Am besten beginnen Sie erst einmal für sich. Beziehen Sie im zweiten Schritt Ihren Partner mit ein. Kommen Sie ins Gespräch. Sammeln Sie Ideen. Und vor allem: Seien Sie ehrlich mit sich und Ihrem Gegenüber!

#3 Lassen Sie Ihre Kernprobleme nicht unberührt

Sie haben Ihre Wiedergutmachung erhalten, Sie haben sich verziehen und doch kommt die Aufarbeitung ins Stocken?

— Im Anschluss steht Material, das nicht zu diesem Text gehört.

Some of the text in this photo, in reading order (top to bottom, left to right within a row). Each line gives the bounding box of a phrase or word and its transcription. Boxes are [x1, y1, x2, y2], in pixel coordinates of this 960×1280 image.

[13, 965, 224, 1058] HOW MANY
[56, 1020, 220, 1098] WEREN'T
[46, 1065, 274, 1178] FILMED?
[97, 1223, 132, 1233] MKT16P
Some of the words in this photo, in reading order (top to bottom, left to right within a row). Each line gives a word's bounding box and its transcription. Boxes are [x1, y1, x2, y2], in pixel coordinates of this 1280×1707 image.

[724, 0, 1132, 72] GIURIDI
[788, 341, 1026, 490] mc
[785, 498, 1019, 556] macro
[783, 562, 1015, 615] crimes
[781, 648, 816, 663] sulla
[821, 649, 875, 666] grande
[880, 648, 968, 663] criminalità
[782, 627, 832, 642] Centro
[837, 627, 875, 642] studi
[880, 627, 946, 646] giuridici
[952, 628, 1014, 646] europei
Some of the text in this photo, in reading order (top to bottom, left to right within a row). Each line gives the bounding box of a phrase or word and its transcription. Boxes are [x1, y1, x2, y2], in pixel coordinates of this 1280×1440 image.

Zunächst einmal vorweg: Die Binsenweisheit „Dann war vorher schon etwas im Argen in der Beziehung“ muss nicht zwangsläufig zutreffen. Die Gründe für Untreue sind so unterschiedlich, wie wir Menschen es sind.

Fremdgehen in Beziehungen_ Der Blick nach vorn

Dennoch kann sich in fast allen Fällen (und zwar nicht erst nach der Untreue eines Partners 🙂 ) ein Blick auf mögliche Probleme in der Beziehung lohnen. Zu den „Dauerbrennern“ zählen z.B.

  • Defizite im Sexualleben (laut einer Studie der Universität Götingen ist dies der häufigste Grund für Untreue)
  • mangelnde Intimität im Alltag
  • eingeschlafene Kommunikation
  • keine gemeinsamen Aktivitäten/Interessen mehr
  • Gleichgültigkeit gegenüber der Gefühlswelt und den Bedürfnissen des Anderen

Ignorieren Sie mögliche Probleme nicht. Jetzt ist ein guter Moment, sie anzugehen.

Aufgabe: Beziehungs-Visonen

Wenn Sie Ihre Probleme erörtert haben, versuchen Sie einmal, den Blick nach vorn zu richten. Setzen Sie sich zusammen und erstellen Sie gemeinsam ein Vision Board:

Was wünschen Sie sich zukünftig von Ihrer Beziehung? Wie sieht Ihre jeweilige Wunschbeziehung aus? Was sind Ihre sexuellen Wünsche? Was können gemeinsame Ziele und Projekte sein?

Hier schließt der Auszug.